Thankfully, this crabby old bitch wasn’t to be my lubricator tonight. She grabbed an armful of my clothes and flung them at me, saying, “Ah credit cod machine no workin. You go to gas station, he give you money. He take cod.”
“But I – ” I said, not wanting to go across the street at this point.
“GO! He do this all time. No big deal! You wan massaj? You GO! GET DRESSED! COME BACK!” And she hurled the curtains shut again, leaving me with a pile of underwear.
I got dressed and left; the father-son team was still outside but were now sitting in his pickup truck, screaming, “Mah son deservza fuck!”
I drove off. There was no way I was going to head across the street and say, “Hey, I want my dick yanked; be a good fellow and grease the path for me, will you?” Not to a total stranger, anyway. Truth be told, I might not even have to really say anything – this can’t be the only time this has happened, I thought – but I really didn’t feel like getting that “I know what you’re up to” look from some loser on the Wednesday night gas pump shift. Tires squealing, I found my way back to the highway and began the drive home.
This time, the debate betwixt penis and synapse was a bit more heated.
The penis, for his part, was insisting that he had gone to all of this trouble to dress up for the event, channeling his best blood flow into the tip and all that, and he was darned if he was going to miss a social event like this. There are other massage places on the way, said Little Elvis, lying on the brake with the meaty weight of an anaconda. You can stop elsewhere.
The brain merely said that it was late and he had to be to work tomorrow. The brain’s always been jealous of the dick.

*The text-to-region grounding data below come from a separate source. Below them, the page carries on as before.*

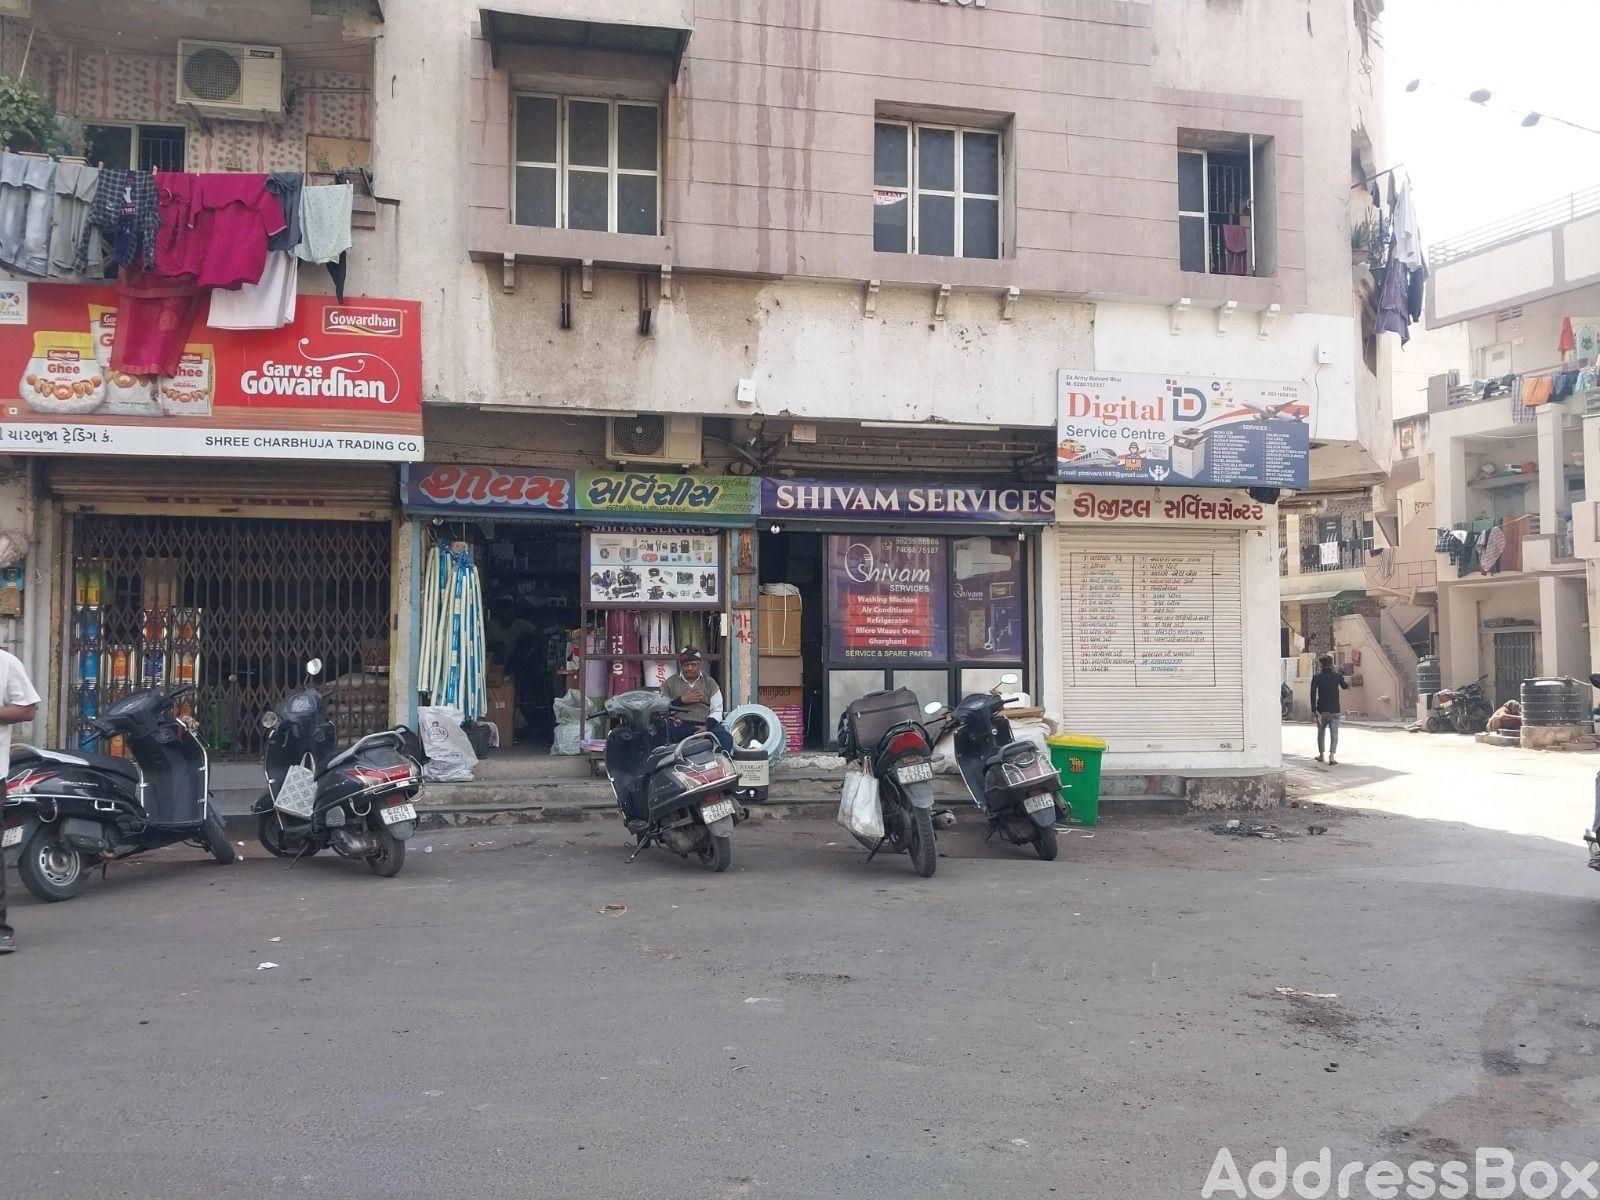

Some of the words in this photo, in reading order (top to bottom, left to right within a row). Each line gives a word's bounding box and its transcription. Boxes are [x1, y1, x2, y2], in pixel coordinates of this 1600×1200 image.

[329, 311, 396, 327] Gowardhan
[47, 363, 81, 374] Ghee
[263, 360, 302, 377] Garv
[304, 364, 323, 377] se
[240, 366, 398, 403] Gowardhan
[1066, 392, 1165, 426] Digital
[1066, 425, 1117, 439] Service
[1121, 427, 1166, 440] Centre
[205, 436, 250, 447] SHREE
[253, 437, 334, 449] CHARBHUJA
[337, 439, 395, 451] TRADING
[398, 441, 420, 453] CO.
[776, 485, 900, 511] SHIVAM
[907, 488, 1056, 514] SERVICES
[889, 584, 930, 592] SERVICES
[857, 596, 888, 604] Washing
[866, 617, 909, 626] Refrigerator
[901, 627, 920, 635] Oven
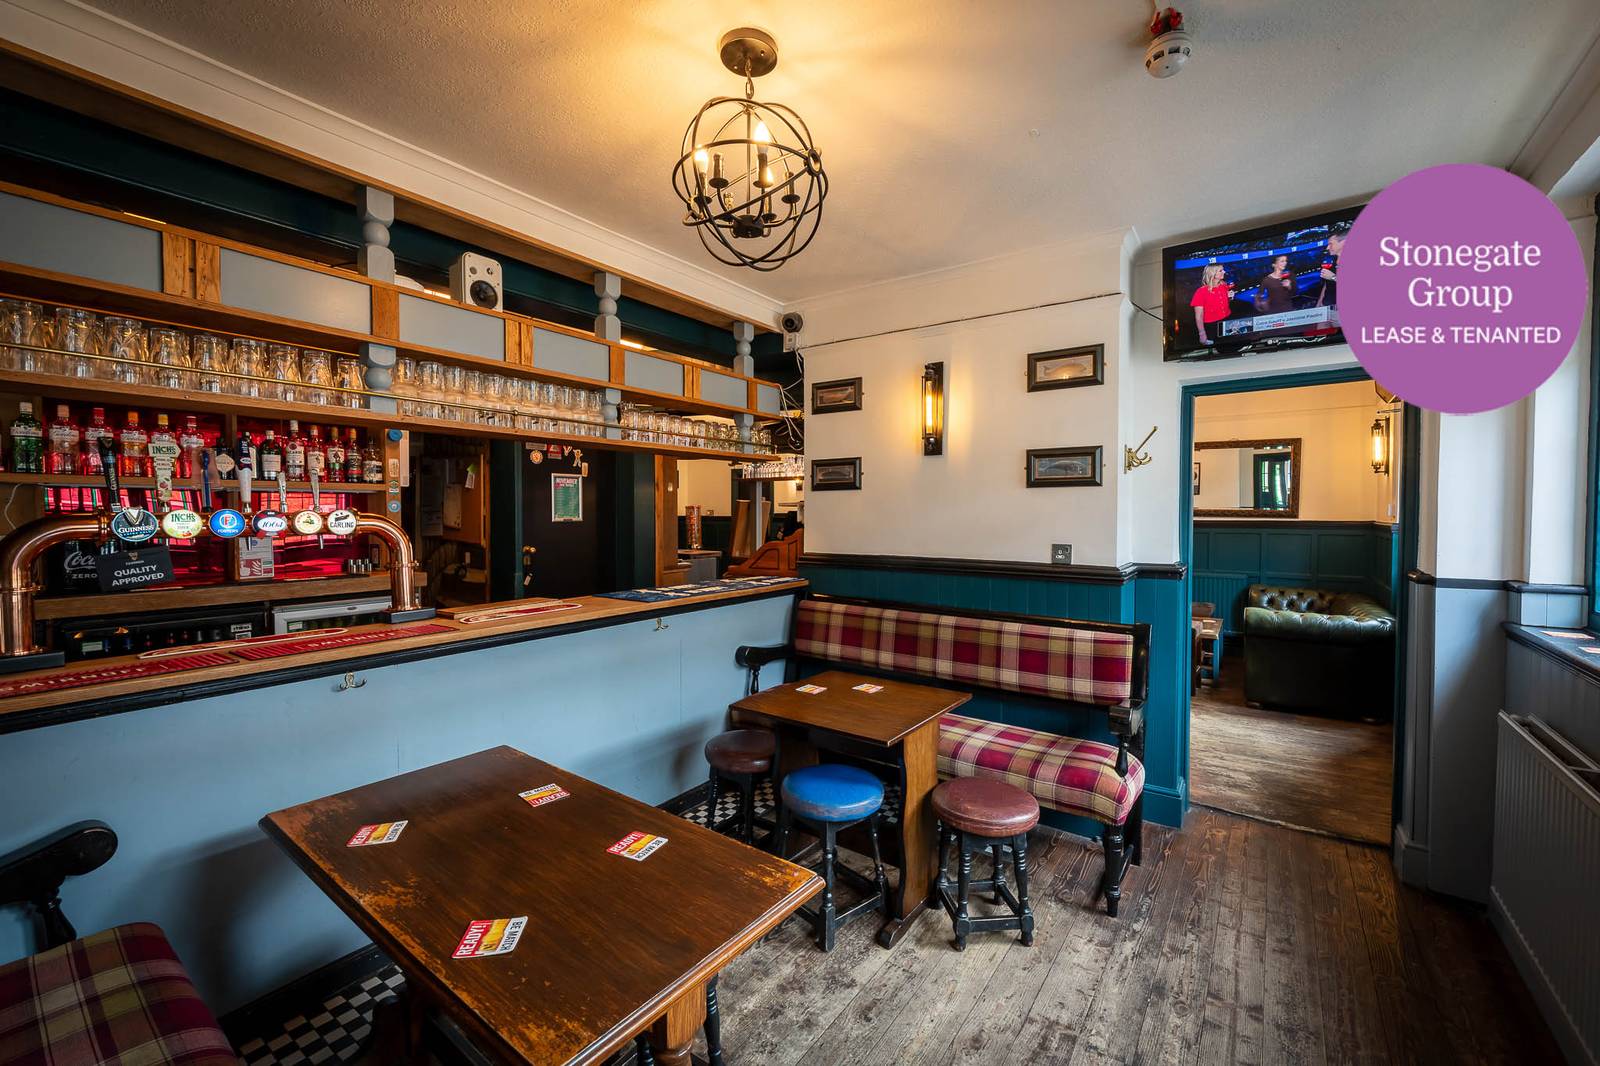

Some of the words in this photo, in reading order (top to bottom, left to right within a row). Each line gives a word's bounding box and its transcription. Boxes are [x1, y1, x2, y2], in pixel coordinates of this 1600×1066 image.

The dick is like a bad foreman – it shows up for maybe an hour a day, bellows out orders that nobody can argue with, and then sleeps for the rest of the time while you have to clean up the mess he’s left behind. Sure, said my corpus callosum angrily. I’ll be around tomorrow trying to crunch numbers at work… and what will you be doing? Surfacing every once in awhile to scam some chick, maybe throb briefly for a bit, and then sleep until bedtime. Easy for you to say.
It was a difficult argument. The dick won simply by convincing the brain that there would be an amusing story in the incident, and the brain could have fun writing about it someday.
I’ll say this for my dick; when it’s right, it’s right.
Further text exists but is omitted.